Shrieks of joy now fill the air
Proud guttural cries of victory
Gratuitous grunts from hungry bellies
In anticipation of the feast of flesh that will stave starvation
Cheers and jeers float above the melee.
Mammalian blood paints the tundra red
Sounds of a Saturday Night Sports Bar,
A tribe-filled stadium jumps back in time to reunite with its origin,
One among them doesn’t slow his gallop
His eyes are fixed on his chosen prey, a swift 4 footed dancer.
He gains speed, closer and closer
His spear raised above his head
Poised to unleash the point of death.
He pulls back his arm for the moment of truth and stumbles.
He falls,
He falls through 10 million years
He falls, bone splintered in red agony.
His thick feet no longer propel him
He falls to the ground between reeds, dust and the dung that is his history
He screams white blinding pain, writhing in agony.

The mud-painted leader pauses to inhale the wind.
He looks to his feet where the warrior of mud twists in pain,
Holding his leg with both hands pressed to his chest.
The elder surveys the blood-soaked tundra.
He looks up at the sky and down at the earth.
Then a new thought flowers.
He looks again at his fallen compatriot
For the first time in his life, he feels his brother’s pain.
The unfolding blossom takes root is his brain.
The elder looks into the faces that are facing him.
He sees his tribe,
He sees his woman sleeping silently in the corner of his mind’s mud-thatched hut.
He sees sons that are yet to be born.
He sees himself, his tribe
He sees us all as we are.
The elder approaches the fallen, writhing man
He crouches on his haunches to view the blood-soaked fractured bone.
He looks up at the sky.
With two arms outreached, he brings his tribe closer to the fallen hunter.
This fallen man’s comrades stare into the elder’s eyes.
The moment stops, and now there is only the elder, the fallen, and the tribe.
Seen from a bird above
Cradled in mud, they are all as one,
Dirty, naked and submitting,
Surrendering beneath the sun’s eternal glare

The elder grasps dry blades of grass with both his hands and pulls.
He uproots weeds, shaking pellets of mud from their roots.
He twists the reeds into a malleable rope and twists it firmer and firmer.
Then scoops his hand into black mud.
Grasping moisture with his fists,
He spreads muck on the twisted grass.
Leaning over the fallen, who stares into his eyes.
Moving the man’s hands away from his wound
The elder wraps the grass rope round and round the broken bone.
He wraps it, then ties it into a helix, then rises, standing above the man.
The elder picks up a stone and with his hand strikes it against another-
A single glint of wisdom is born.
That sparks the kindling others have gathered.
Soon, a fire emerges like a newborn child.
The men nurture the flaming child with the pieces of wood they had gathered,
Soon there is a steady blue flame consuming dried grass, twig and wood.
Men cut the flesh from their slaughter
Thrusting bleeding flesh into the hungry fire
The sizzling smell of cooked meat fills the air.
The fallen chews the meat with his pain and rubs the grass rope that binds his fractured leg.

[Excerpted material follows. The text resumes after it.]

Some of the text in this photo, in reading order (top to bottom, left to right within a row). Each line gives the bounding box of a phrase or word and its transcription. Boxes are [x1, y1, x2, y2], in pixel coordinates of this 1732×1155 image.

Under the steady gaze of his comrades, he comforts himself
Knowing that he will not be left behind.

With a stick in his hand, the elder scratches the shape of his thoughts in the dust.

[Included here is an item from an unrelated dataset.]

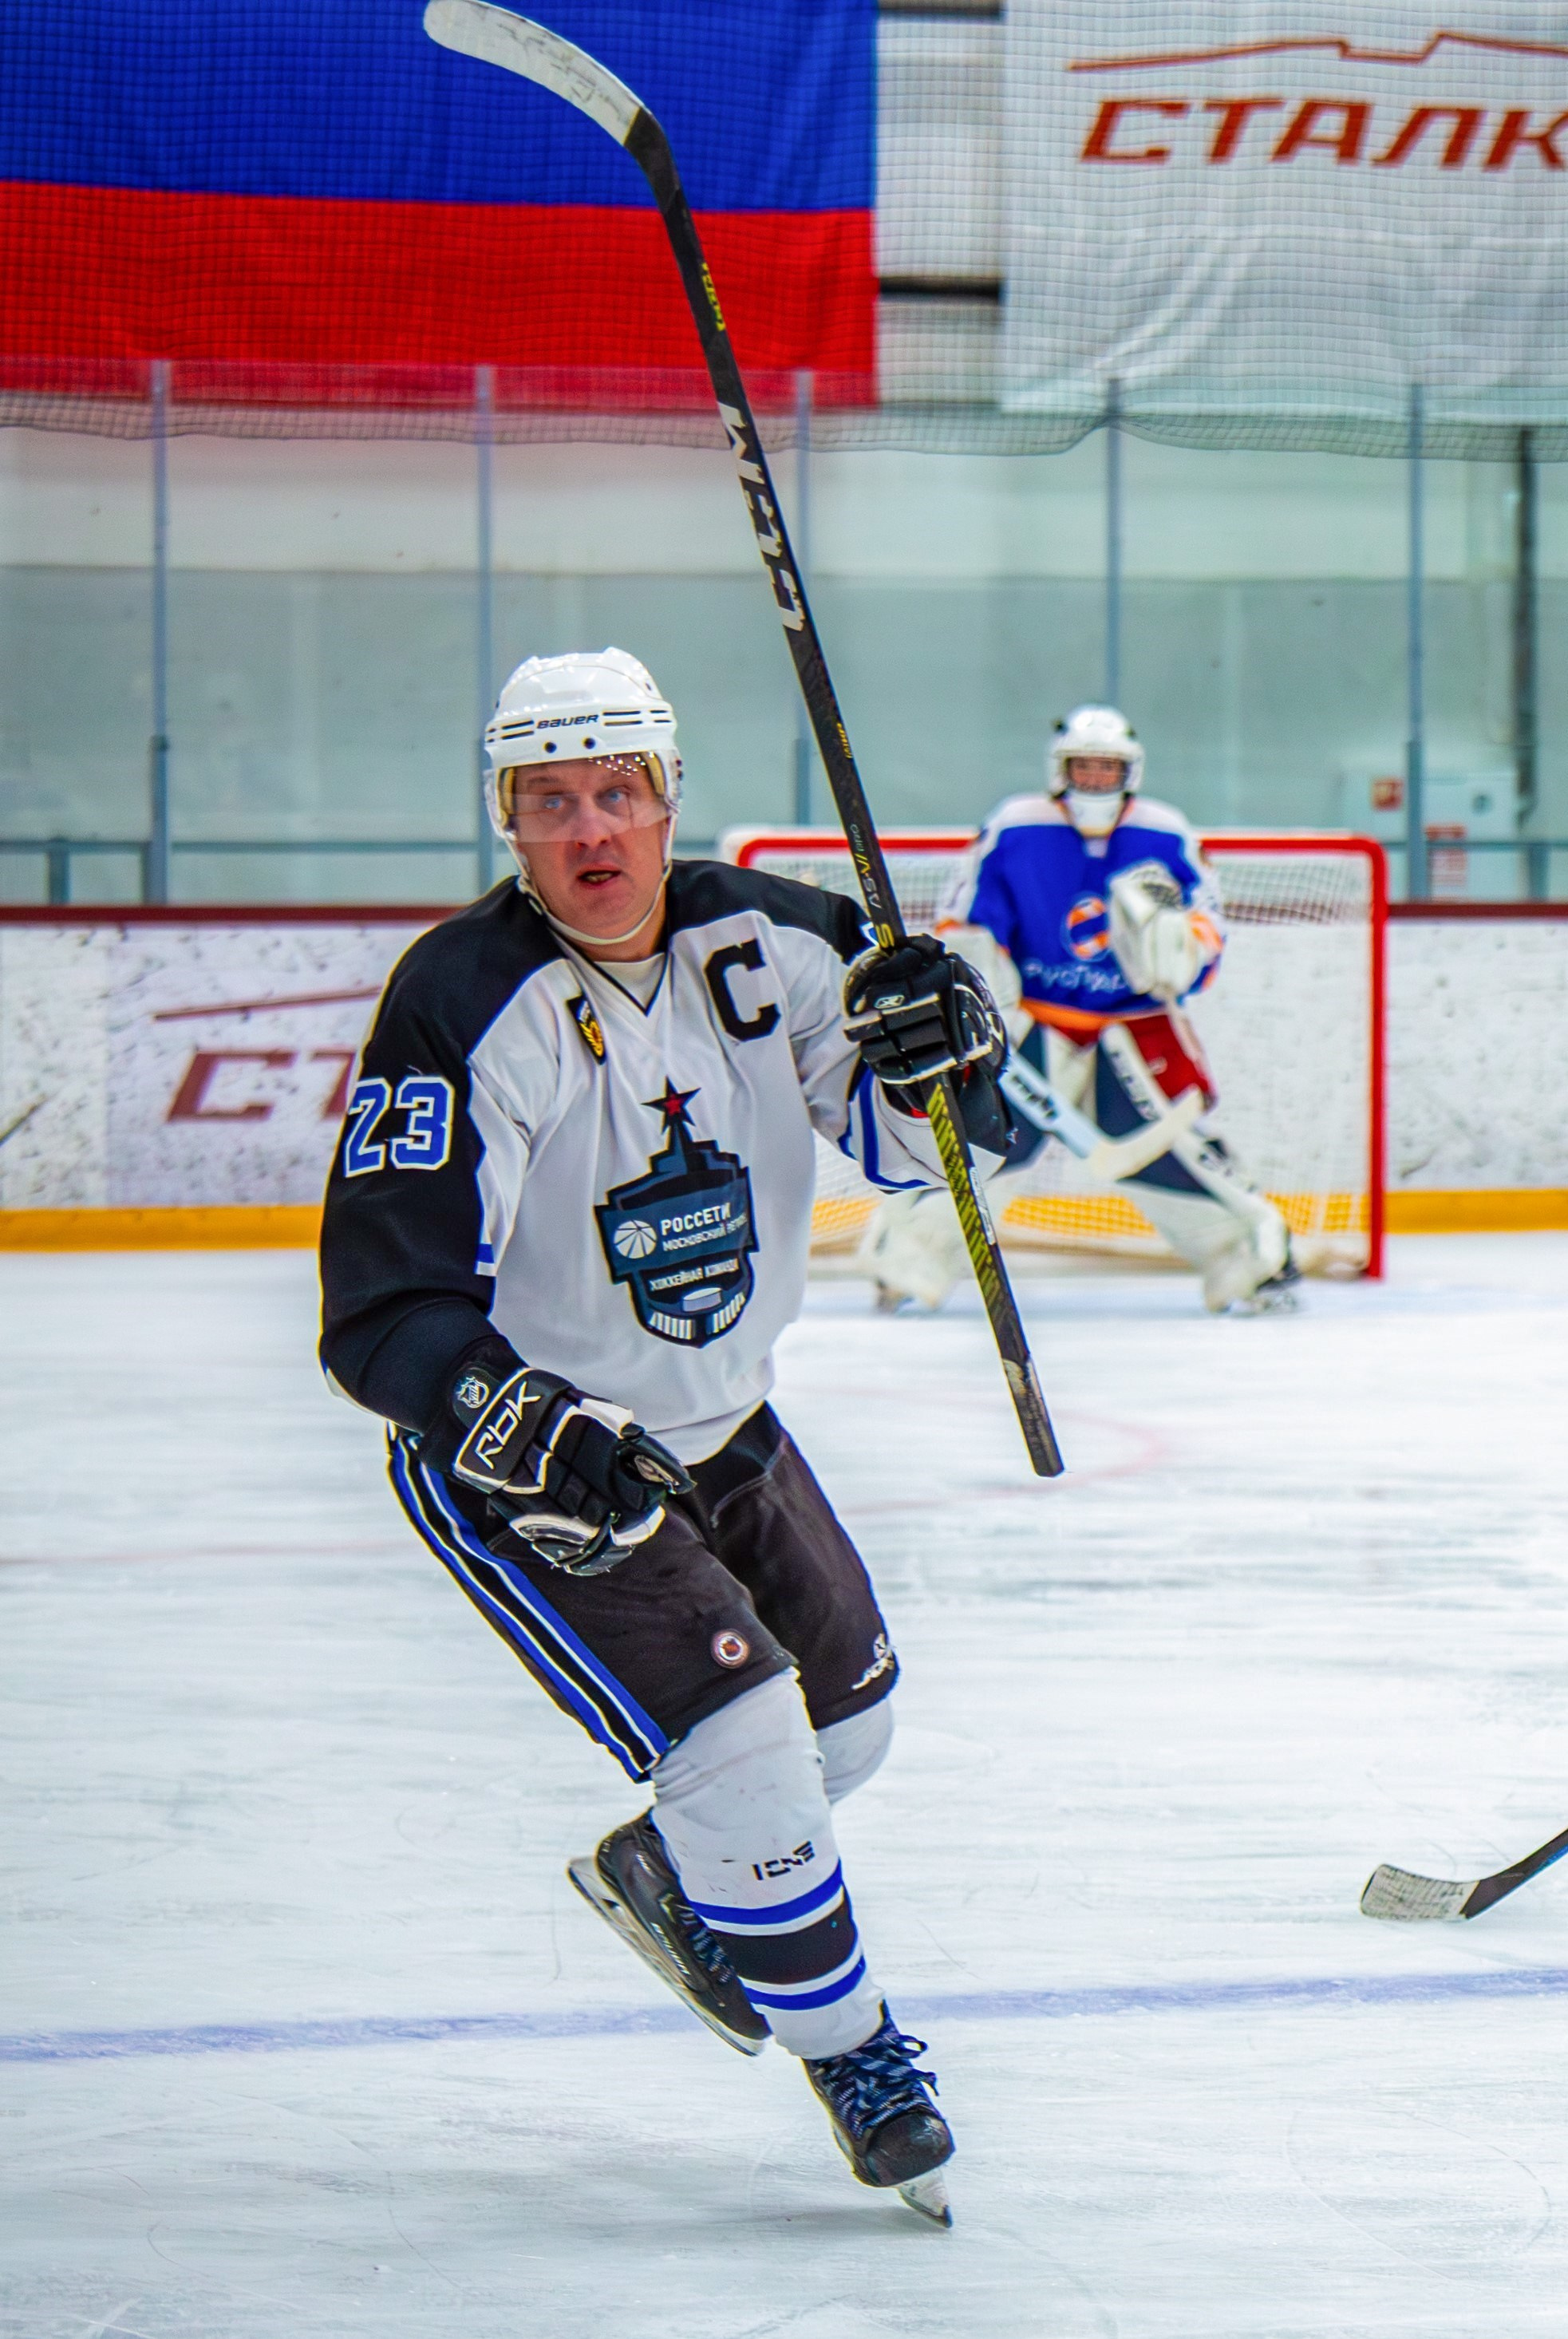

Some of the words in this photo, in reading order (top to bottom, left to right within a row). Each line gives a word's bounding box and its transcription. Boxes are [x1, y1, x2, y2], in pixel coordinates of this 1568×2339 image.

The elder comprehends, we are all bound together like sticks of wood,
Twisted ropes of grass.
We are one bundle of wood.
We are one rope of grass.
In the dust between his feet, he scratches these symbols.
I translate for you here:
“We are all here in one place.
We are all one bundle of wood.
We are all one rope of grass
We are all stronger from our bond.
We are all one bundle of wood and a stick on the ground.”
Civilization is born.
Out of the mud and the shit,
Out of the sweat and the blood.
Out of the scratching of symbols in the dust,
Out of the twisted bond that heals the fallen among us.
Humanity is born.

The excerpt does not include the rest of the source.